Types of Parkinsonism

Parkinsonism is an umbrella term for any condition that produces the core motor features of tremor, bradykinesia (slowness of movement), and rigidity. While idiopathic Parkinson's disease accounts for roughly 80 percent of all parkinsonism cases, several other conditions can cause similar symptoms. These include atypical parkinsonism syndromes (progressive supranuclear palsy, multiple system atrophy, corticobasal degeneration, and dementia with Lewy bodies) and secondary causes such as drug-induced and vascular parkinsonism. Distinguishing between these conditions matters because they differ in prognosis, treatment response, and underlying biology.

Idiopathic Parkinson's Disease (IPD)

Idiopathic Parkinson's disease is by far the most common cause of parkinsonism, accounting for approximately 80 percent of cases. “Idiopathic” means the cause is not known in a given individual, though the disease is characterized by progressive loss of dopamine-producing neurons in the substantia nigra and the accumulation of Lewy bodies (abnormal alpha-synuclein aggregates) in affected neurons.

Key features that distinguish IPD from other forms of parkinsonism include:

  • Asymmetric onset — symptoms typically begin on one side of the body and remain more pronounced on that side for years
  • Prominent resting tremor — present in about 70 percent of IPD cases
  • Clear, sustained response to levodopa therapy — the single most important distinguishing feature
  • Gradual, relatively slow progression over years to decades
  • Development of levodopa-induced dyskinesia over time
  • Characteristic non-motor features — loss of smell, REM sleep behavior disorder, constipation, depression

When people refer to “Parkinson's disease” without qualification, they almost always mean idiopathic Parkinson's disease.

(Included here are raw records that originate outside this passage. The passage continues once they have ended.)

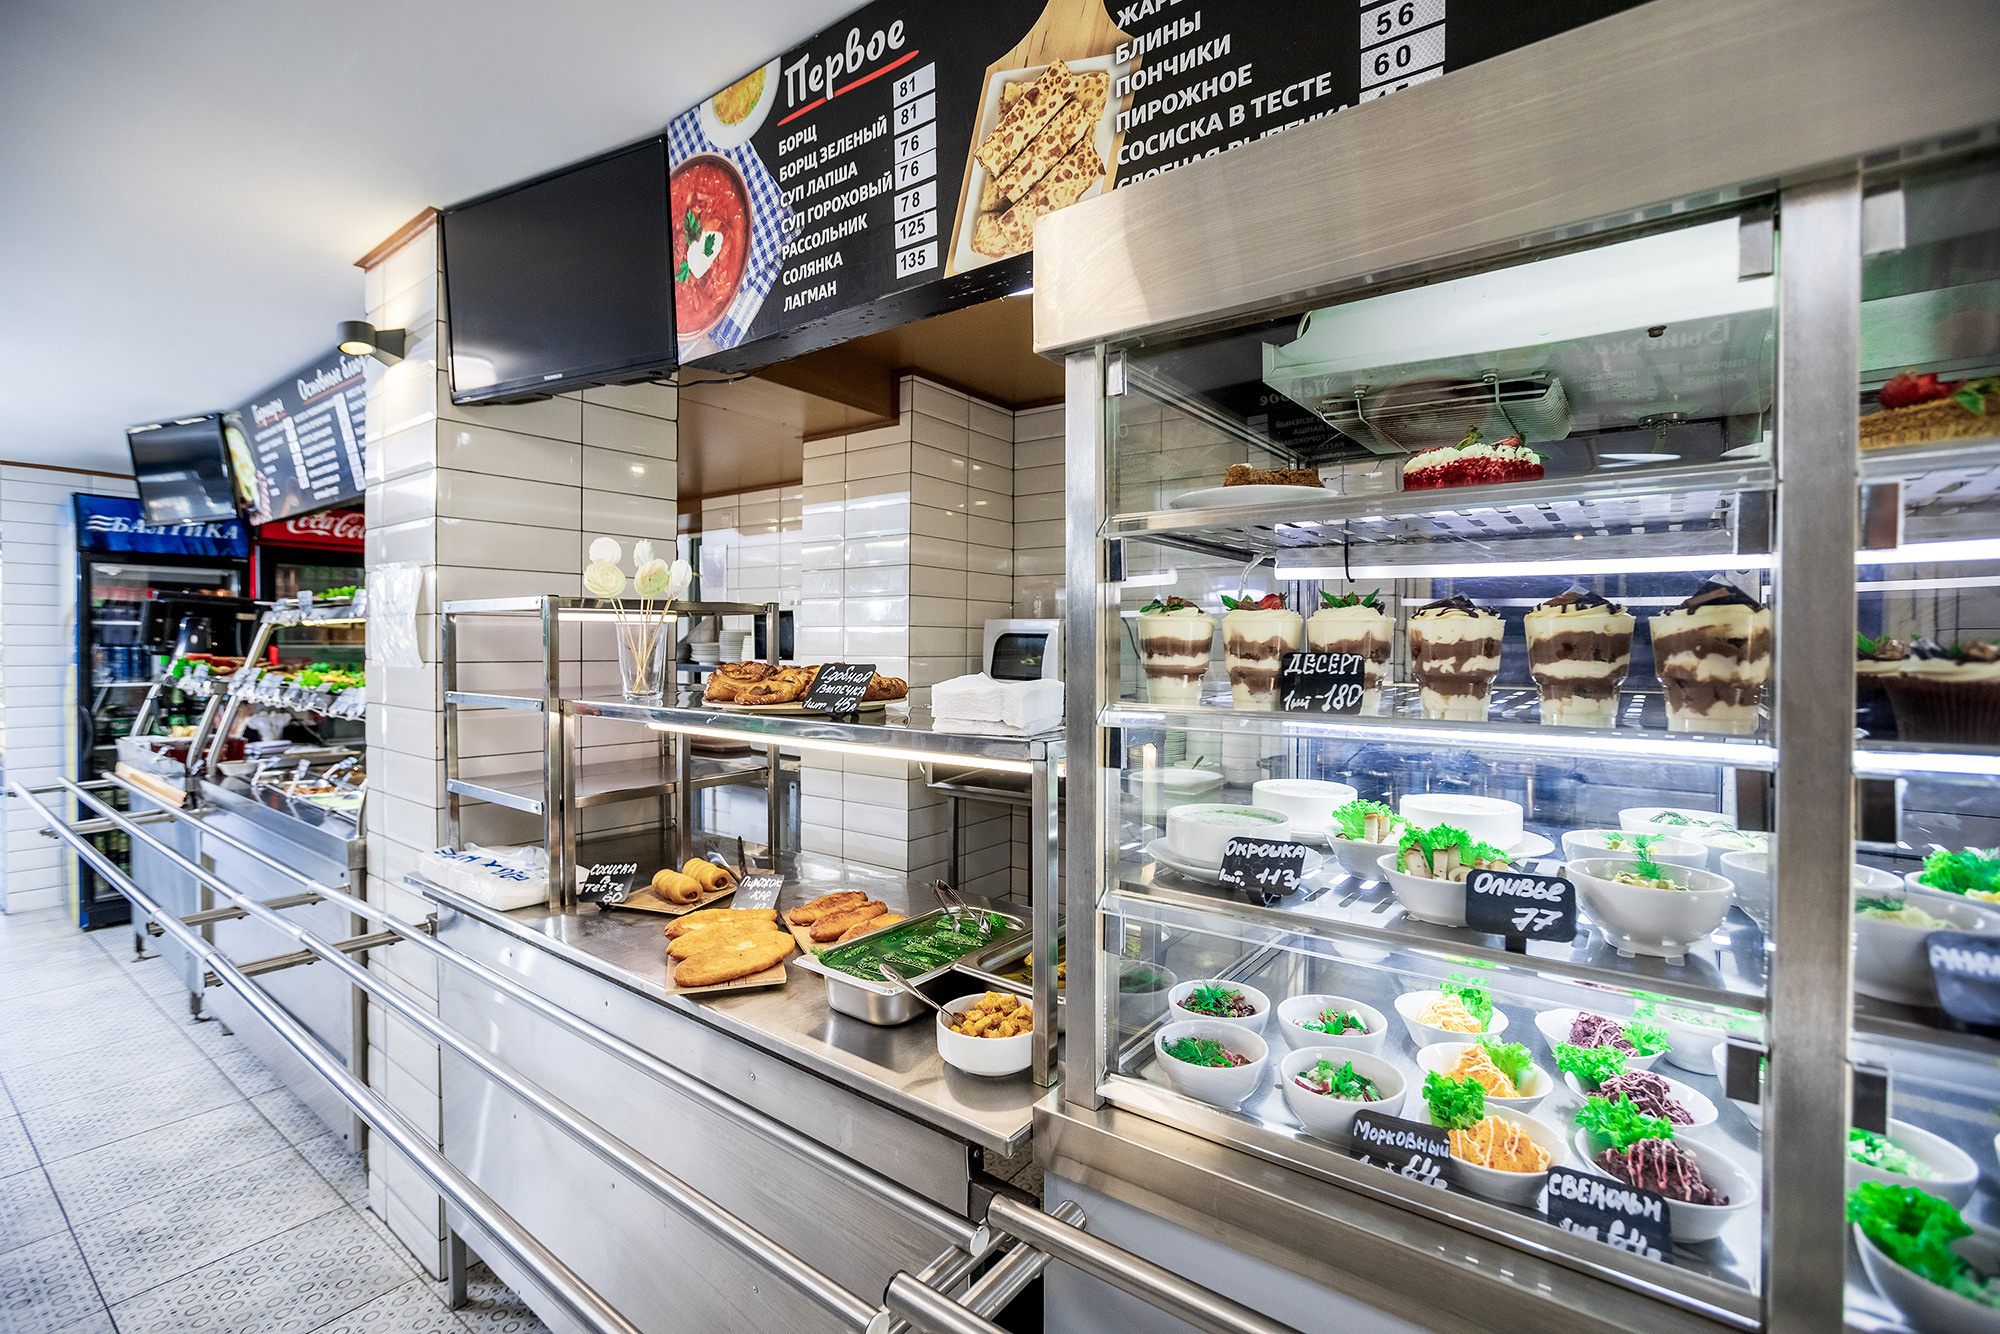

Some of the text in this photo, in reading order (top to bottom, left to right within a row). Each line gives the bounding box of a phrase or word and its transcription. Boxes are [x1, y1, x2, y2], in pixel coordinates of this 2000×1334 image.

[1117, 0, 1182, 29] ЖАР
[1376, 2, 1414, 36] 56
[1116, 10, 1201, 65] БЛИНЫ
[784, 19, 906, 108] Первое
[1116, 33, 1231, 98] ПОНЧИКИ
[1374, 45, 1411, 76] 60
[899, 75, 916, 98] 81
[1116, 63, 1253, 133] ПИРОЖНОЕ
[901, 103, 917, 125] 81
[1116, 112, 1224, 166] СОСИСКА
[1229, 104, 1246, 127] В
[1250, 71, 1332, 119] ТЕСТЕ
[778, 124, 818, 157] БОРЩ
[779, 114, 888, 183] БОРЩ ЗЕЛЕНЫЙ
[900, 134, 919, 157] 76
[780, 161, 859, 208] СУП ЛАПША
[900, 160, 919, 182] 76
[780, 170, 893, 234] СУП ГОРОХОВЫЙ
[901, 191, 920, 213] 78
[782, 212, 869, 261] РАССОЛЬНИК
[900, 217, 926, 239] 125
[782, 251, 844, 286] СОЛЯНКА
[900, 249, 926, 271] 135
[783, 280, 837, 312] ЛАГМАН
[1284, 653, 1363, 676] ДЕСЕРТ
[590, 862, 638, 876] СОСИСКА
[1473, 872, 1567, 902] Оливье
[1510, 907, 1564, 932] 77

Atypical Parkinsonism Syndromes

Atypical parkinsonism syndromes — sometimes called “Parkinson's-plus” syndromes — share some motor features with Parkinson's disease but have additional distinctive clinical features, generally progress faster, and respond poorly or not at all to levodopa. These conditions are less common than IPD (collectively accounting for roughly 10 to 20 percent of parkinsonism cases) and are often more difficult to diagnose, especially in early stages when they may closely mimic IPD. Diagnosis is often delayed by 2 to 4 years after symptom onset.

Progressive Supranuclear Palsy (PSP)

Progressive supranuclear palsy is the most common atypical parkinsonism syndrome, with an estimated prevalence of 5 to 7 per 100,000 people. It is caused by the accumulation of tau protein (not alpha-synuclein) in specific brain regions, particularly the midbrain, subthalamic nucleus, and basal ganglia. PSP is not a single disease but a spectrum of clinical presentations, the most common being “Richardson syndrome.”

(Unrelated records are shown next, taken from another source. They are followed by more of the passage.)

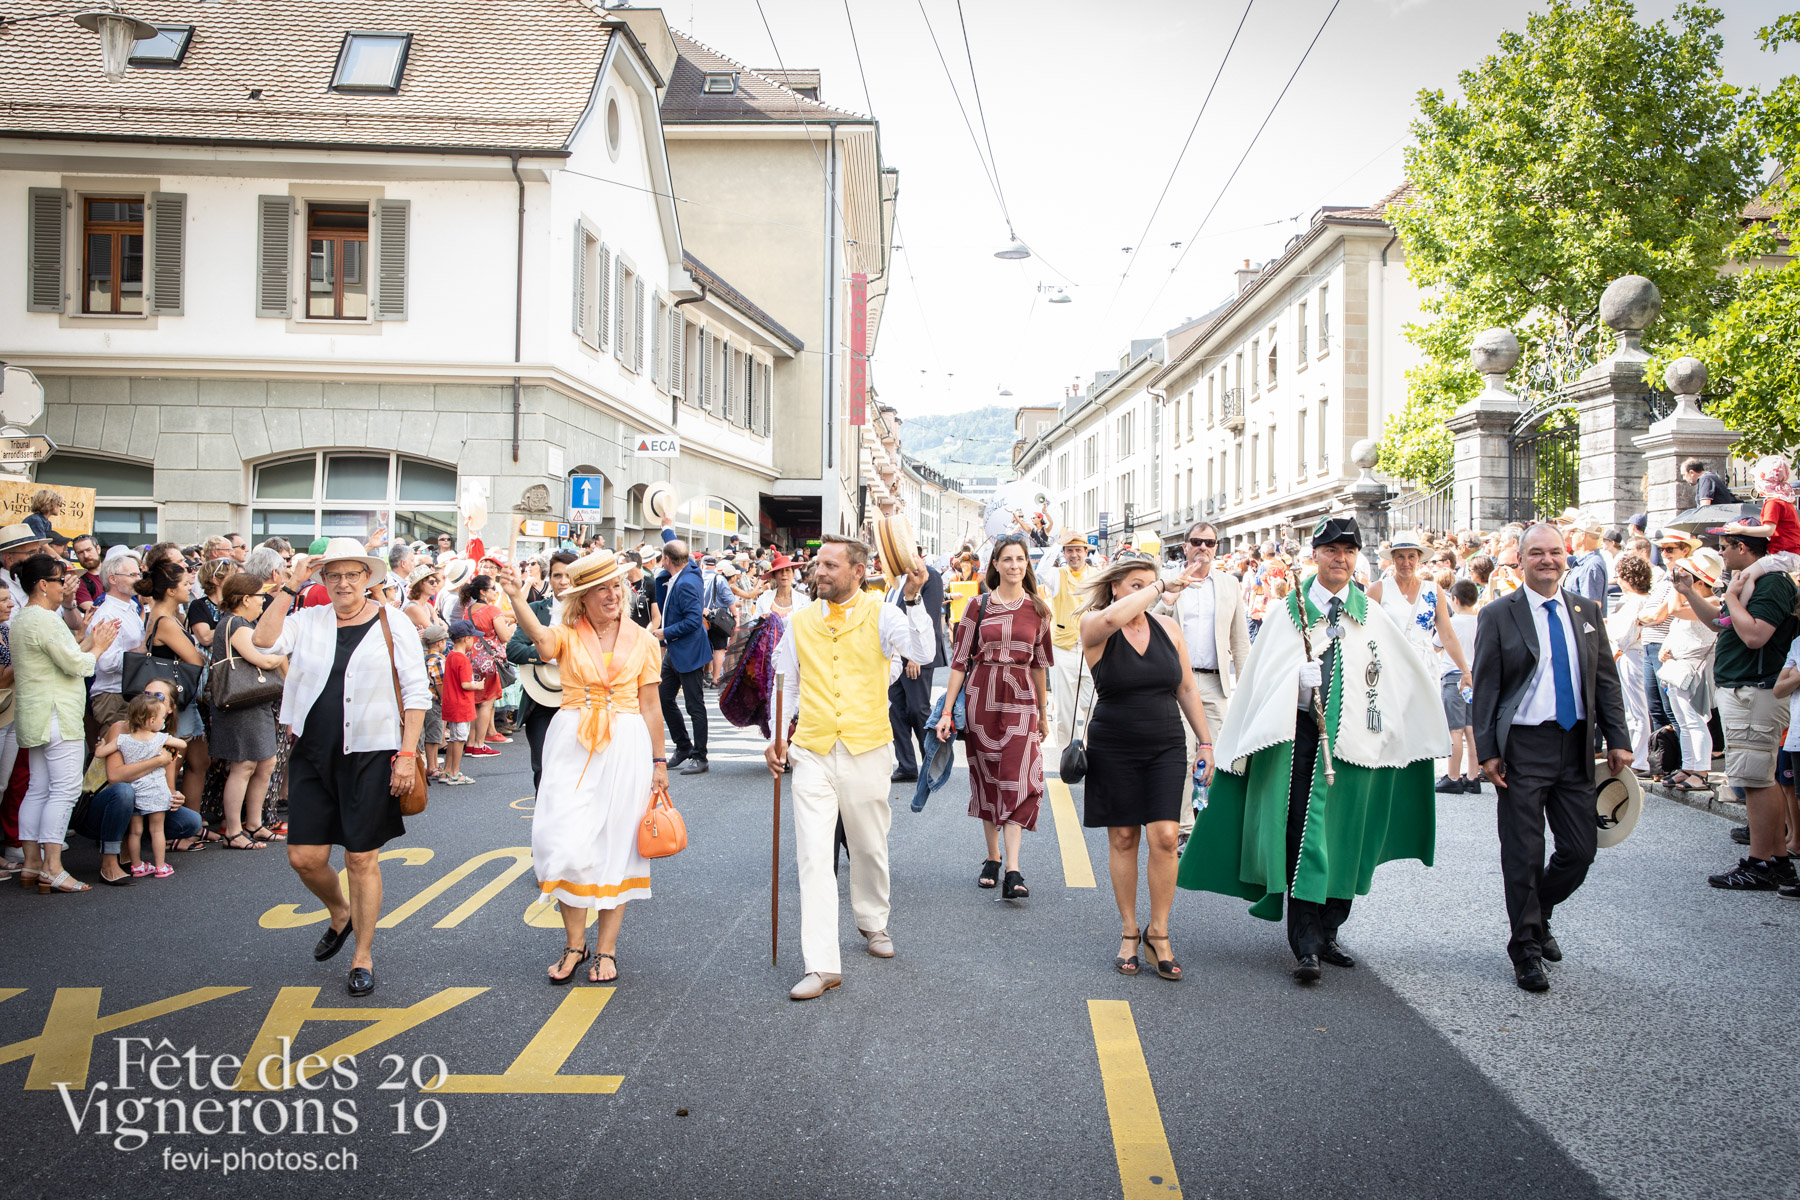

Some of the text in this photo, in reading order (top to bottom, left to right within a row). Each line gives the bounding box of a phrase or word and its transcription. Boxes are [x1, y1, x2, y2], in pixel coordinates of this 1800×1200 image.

[853, 282, 865, 417] MAXI BAZAR
[11, 440, 31, 449] Tribunal
[651, 440, 676, 451] ECA
[0, 450, 42, 459] 'arrondissement
[69, 501, 85, 509] 20
[71, 508, 84, 519] 19
[0, 987, 625, 1093] TAX
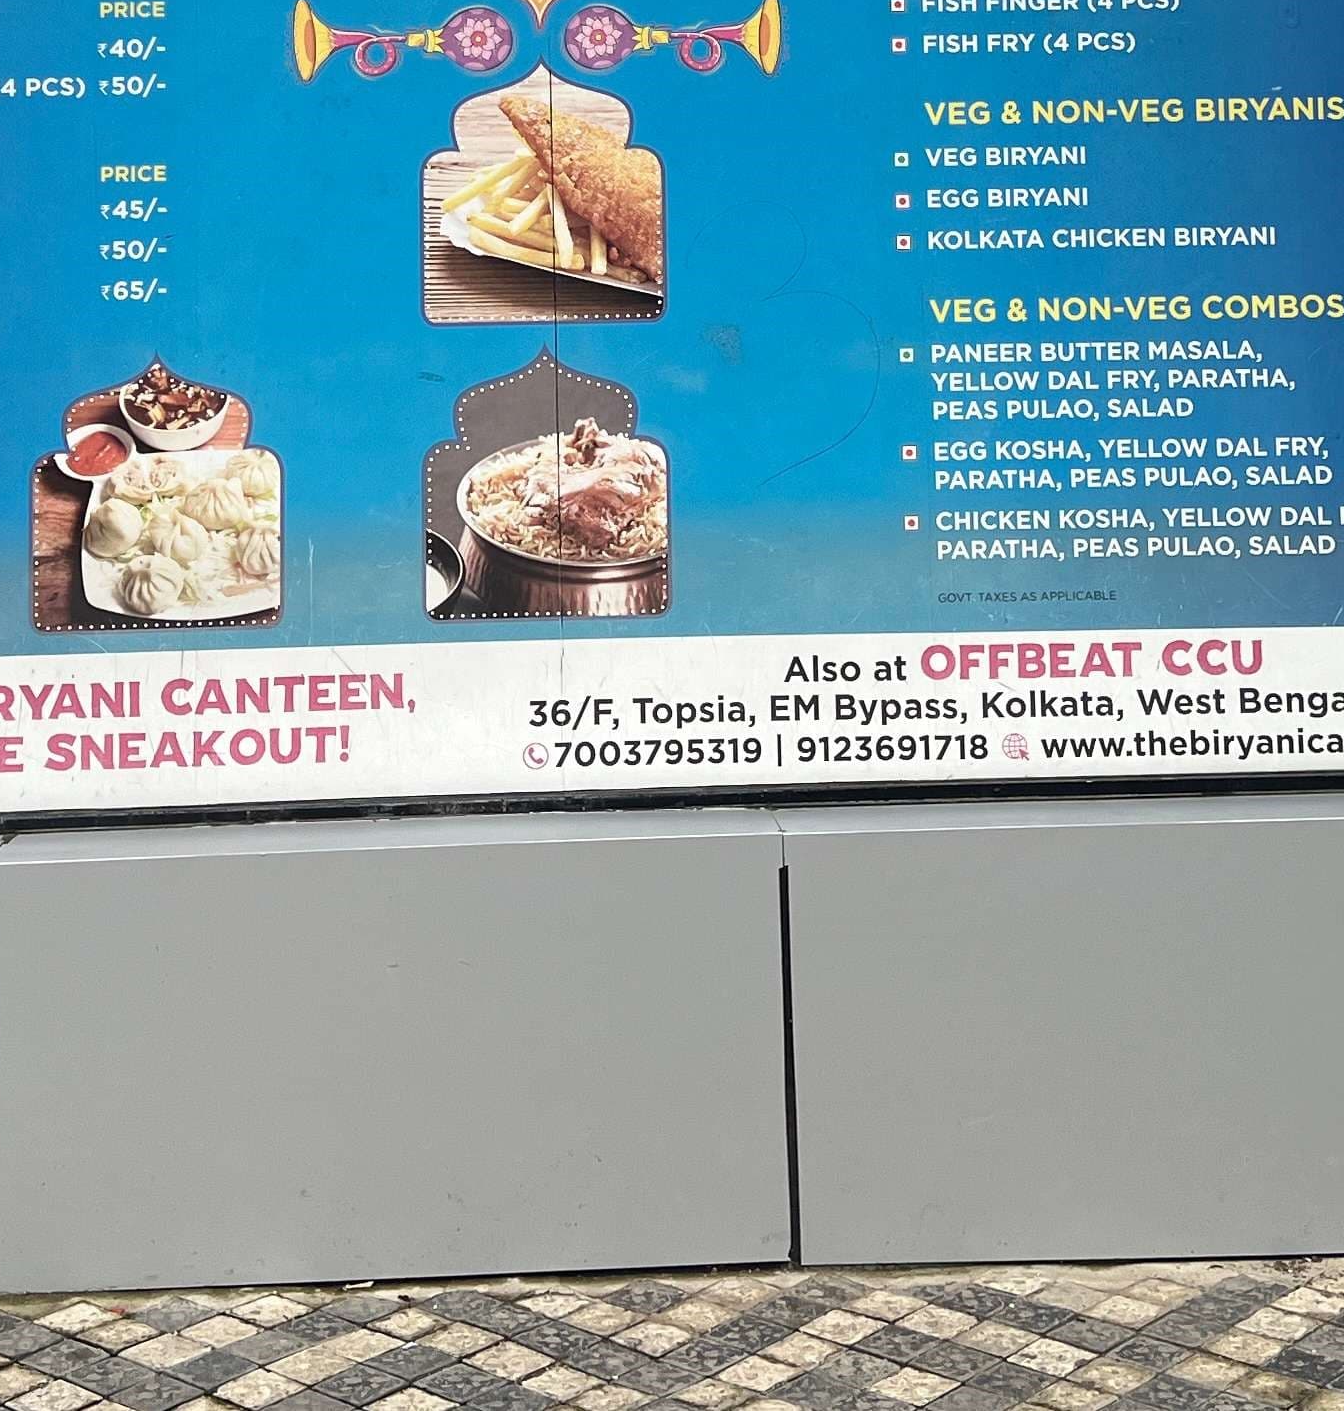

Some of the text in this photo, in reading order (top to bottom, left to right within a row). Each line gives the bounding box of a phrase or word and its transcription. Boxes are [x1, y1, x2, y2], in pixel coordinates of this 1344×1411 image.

Key features of PSP include:

  • Early falls, often backward, within the first year of symptom onset — in contrast to PD, where falls typically occur much later
  • Vertical gaze palsy — difficulty looking up and especially down, which is the hallmark clinical feature. Patients may report difficulty reading or difficulty eating because they cannot look down at their plate.
  • Axial rigidity — stiffness predominantly in the neck and trunk rather than the limbs, often causing a distinctly upright or hyperextended posture (contrast with the stooped posture of PD)
  • Poor or absent response to levodopa
  • Pseudobulbar affect — involuntary, inappropriate laughing or crying
  • Frontal lobe cognitive dysfunction — apathy, impulsivity, reduced verbal fluency, and executive dysfunction that appears early, unlike PD where cognitive decline is typically late
  • Dysarthria and dysphagia — speech and swallowing difficulties that appear earlier and progress faster than in PD

PSP typically progresses faster than Parkinson's disease. Average survival from symptom onset is approximately 6 to 9 years, compared to more than 14 years for idiopathic PD. MRI of the brain may show midbrain atrophy, producing the characteristic “hummingbird sign” on sagittal view (the midbrain shrinks while the pons remains normal, creating a profile resembling a hummingbird).

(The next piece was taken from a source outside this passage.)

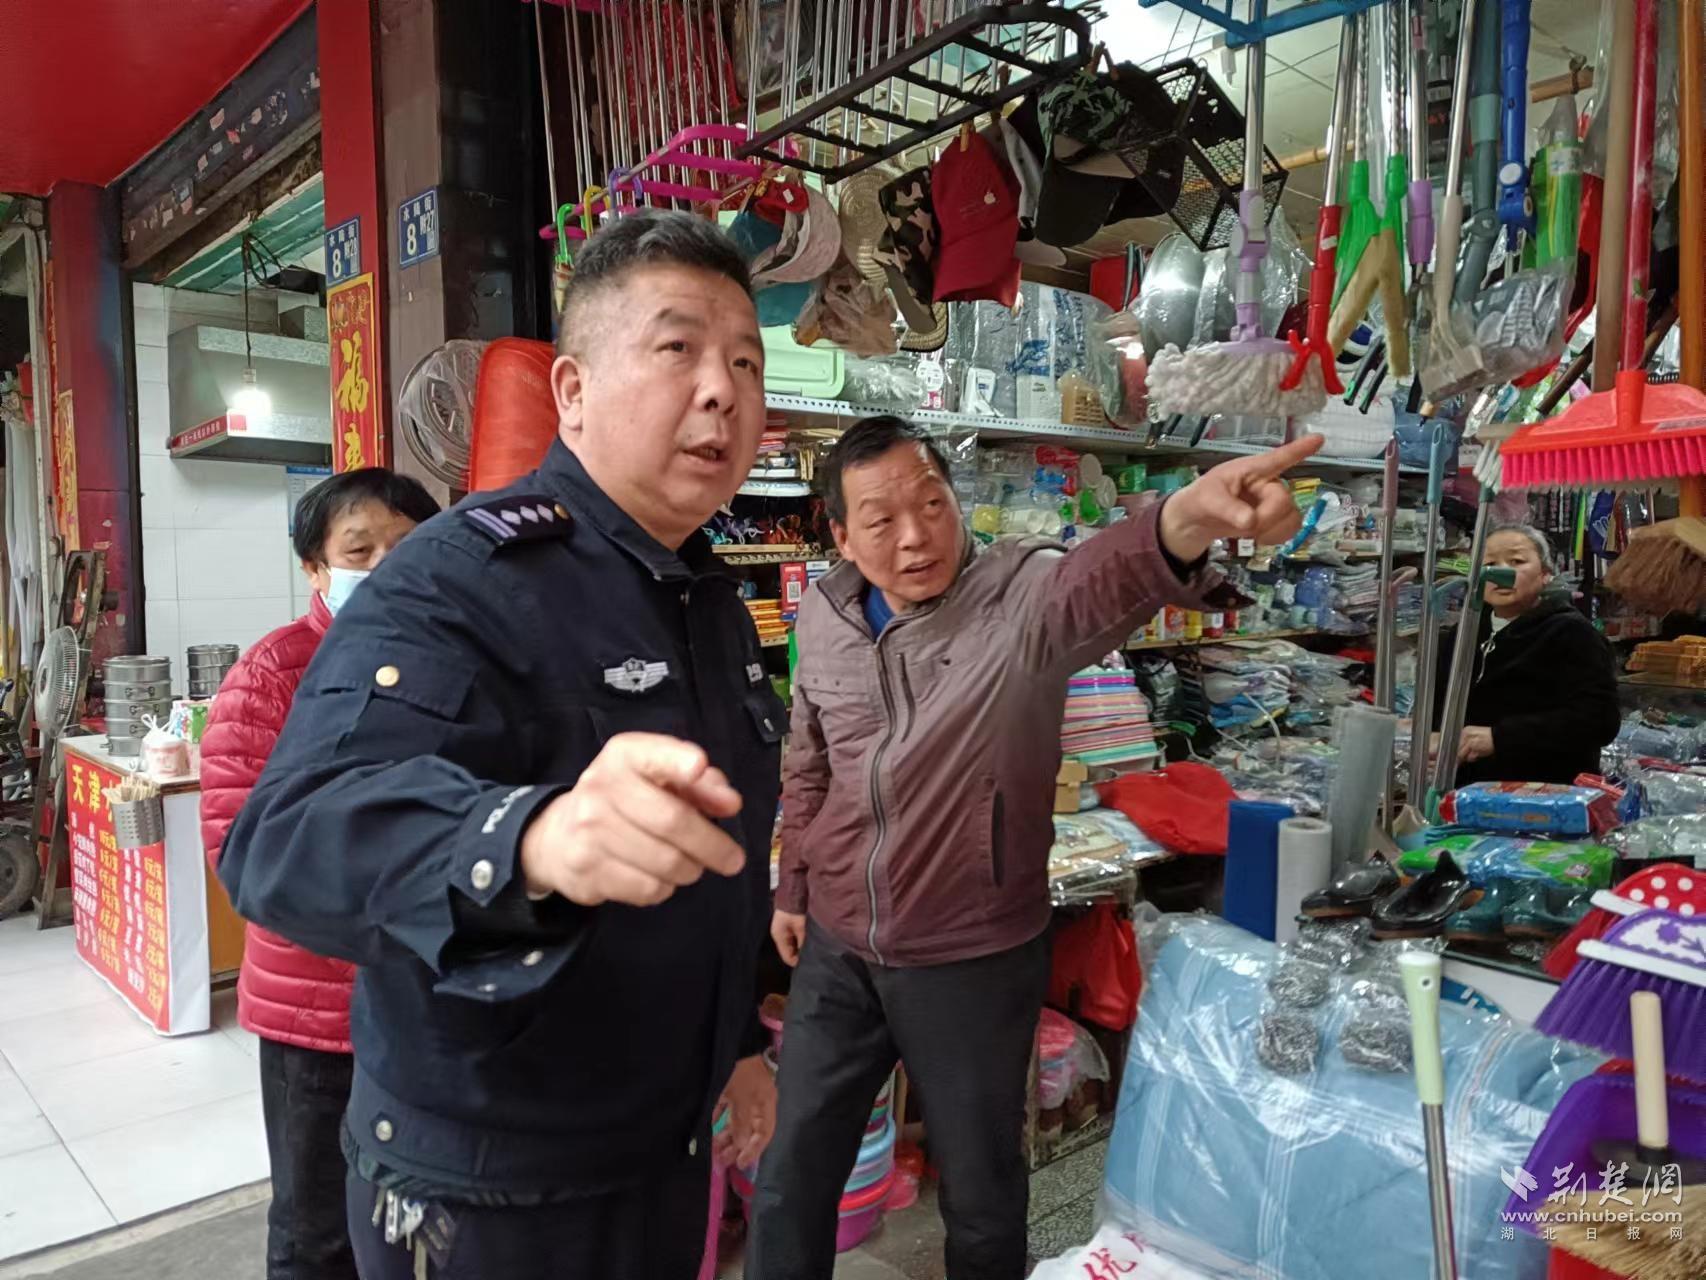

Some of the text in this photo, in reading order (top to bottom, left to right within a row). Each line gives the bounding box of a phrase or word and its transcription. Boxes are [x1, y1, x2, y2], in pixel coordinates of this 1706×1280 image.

[407, 223, 417, 255] 8
[332, 248, 342, 278] 8
[72, 764, 113, 823] 天津

Multiple System Atrophy (MSA)

Multiple system atrophy is a progressive neurodegenerative disorder that involves dysfunction in multiple brain systems simultaneously, with a prevalence of approximately 3 to 5 per 100,000 people. Like PD, MSA involves alpha-synuclein pathology, but the aggregates are found predominantly in oligodendrocytes (the cells that produce myelin) rather than in neurons, forming structures called glial cytoplasmic inclusions. MSA is subdivided into two types based on predominant clinical features:

  • MSA-P (parkinsonian type). Predominantly motor symptoms resembling Parkinson's disease — slowness, rigidity, and gait difficulty — but with poor or transient response to levodopa and faster progression. Tremor is typically irregular (“jerky”) rather than the smooth pill-rolling tremor of PD.
  • MSA-C (cerebellar type). Predominantly cerebellar symptoms — limb and gait ataxia (coordination problems, unsteady gait, difficulty with fine motor tasks), and cerebellar dysarthria (slurred, scanning speech) — with parkinsonism developing later. MSA-C is more common in East Asian populations.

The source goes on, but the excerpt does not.